Ambos os torneios seguirão pelo mês de julho, que tem, como grande acontecimento esportivo do globo, os Jogos Olímpicos de Paris.

Vimos, inclusive, na última semana, as disputas pelas últimas vagas das ­Olimpíadas.

A Eurocopa, atração mais empolgante deste período para os apaixonados pelo futebol, entra nas oitavas de final com jogos em “mata-mata”. Perdeu, dançou.

Por conta do famigerado calendário, houve um bate-boca entre o Tite e a Confederação Brasileira de Futebol (CBF).

Recentemente questionado sobre as expectativas para o clássico contra o Fluminense, pela 11ª rodada do Brasileirão, o treinador do Flamengo reclamou do tempo de descanso diferente para cada clube e citou nominalmente o diretor de competições da CBF, ­Julio Avellar.

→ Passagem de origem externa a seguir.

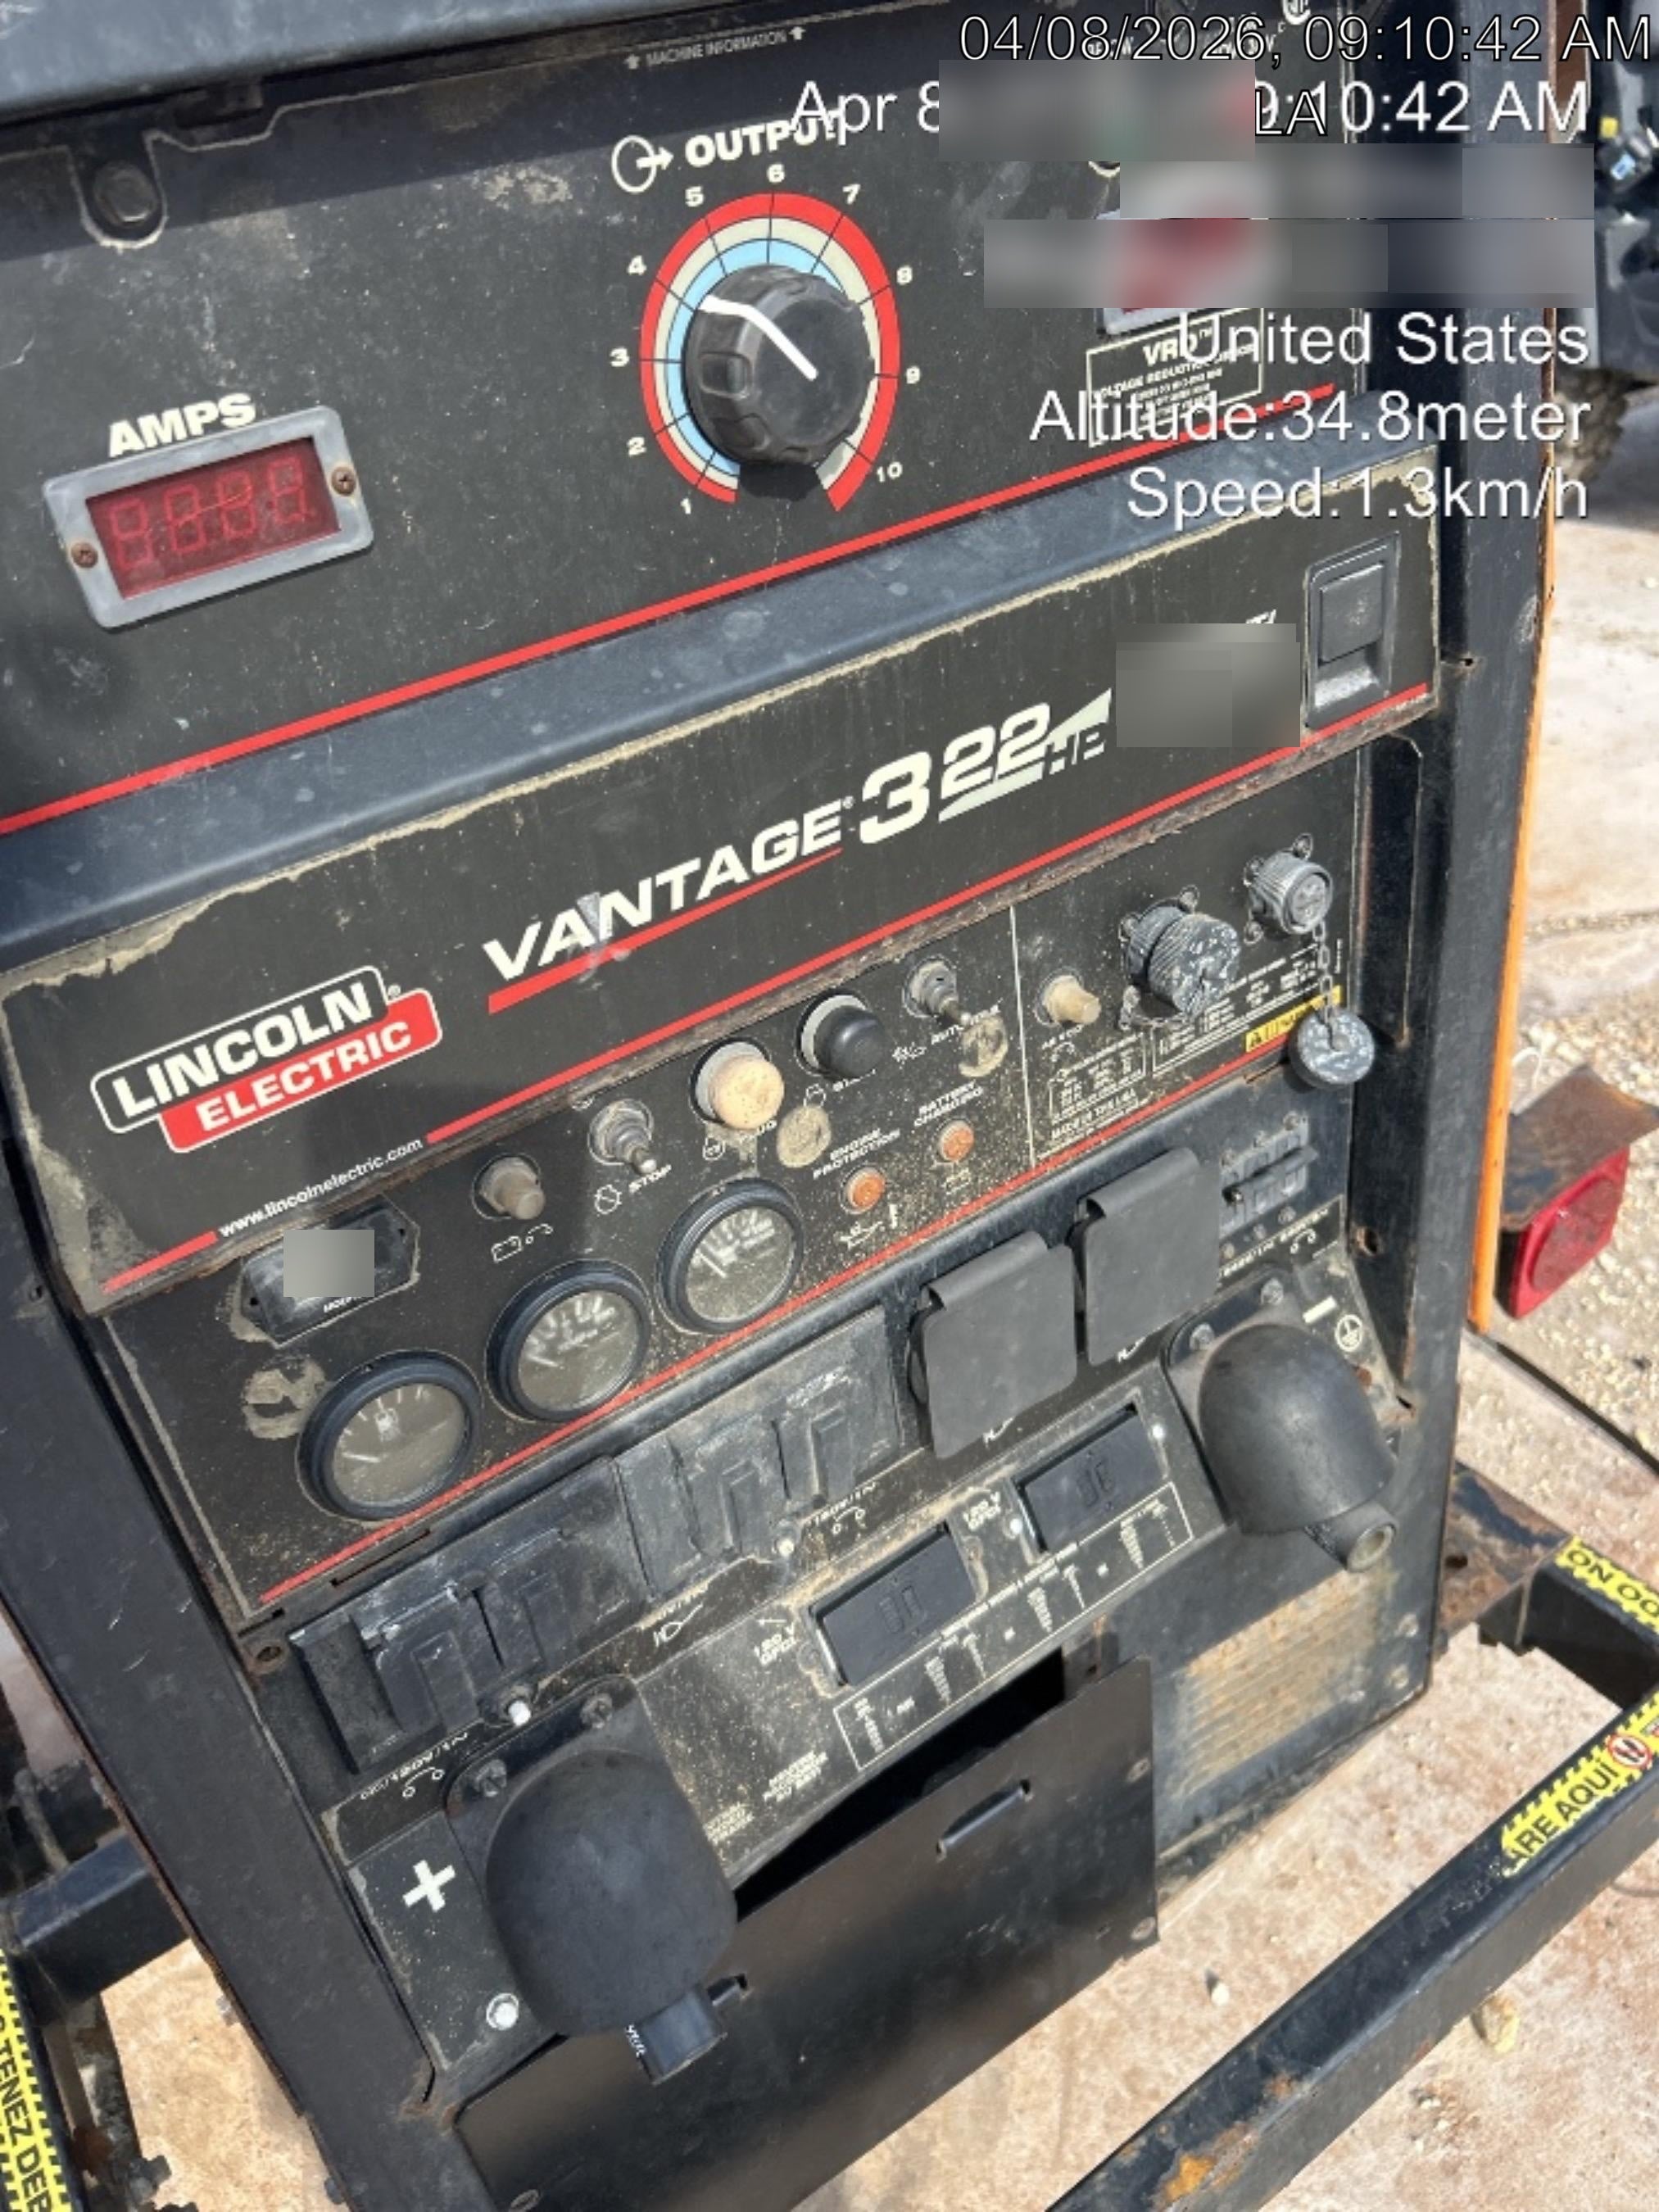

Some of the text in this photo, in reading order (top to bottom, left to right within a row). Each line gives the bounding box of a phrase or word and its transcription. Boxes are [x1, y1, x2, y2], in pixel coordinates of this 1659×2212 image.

No caso, o Fluminense terá um dia a mais de preparação antes do clássico.

Na sequência, a CBF, em nota, definiu a fala de Tite como “despropositada, agressiva e ofensiva”.

Em resumo: o técnico expõe as suas dificuldades e a entidade máxima do nosso futebol alega que a programação segue normalmente e que tudo está sob controle.

A realidade é que no mundo inteiro existem queixas em relação ao ritmo ­veloz que anda sendo imposto às mais diferentes atividades.

As comissões técnicas vivem no fio da navalha, com jogadores no limiar de suas condições físicas e se vendo obrigadas a poupar atletas.

Isso prejudica a estabilidade do conjunto das equipes em disputas acirradas, tanto para os que almejam ganhar o título quanto para os que se veem ameaçados por possíveis rebaixamentos.

Já sabemos, há tempos, que o acúmulo de jogos não permite uma recuperação razoável dos atletas. Não à toa, há clubes defendendo a formação de times com 33 jogadores.

Vem-me à lembrança o tempo em que um técnico, ao assumir um determinado time, exigia um máximo de 18 jogadores.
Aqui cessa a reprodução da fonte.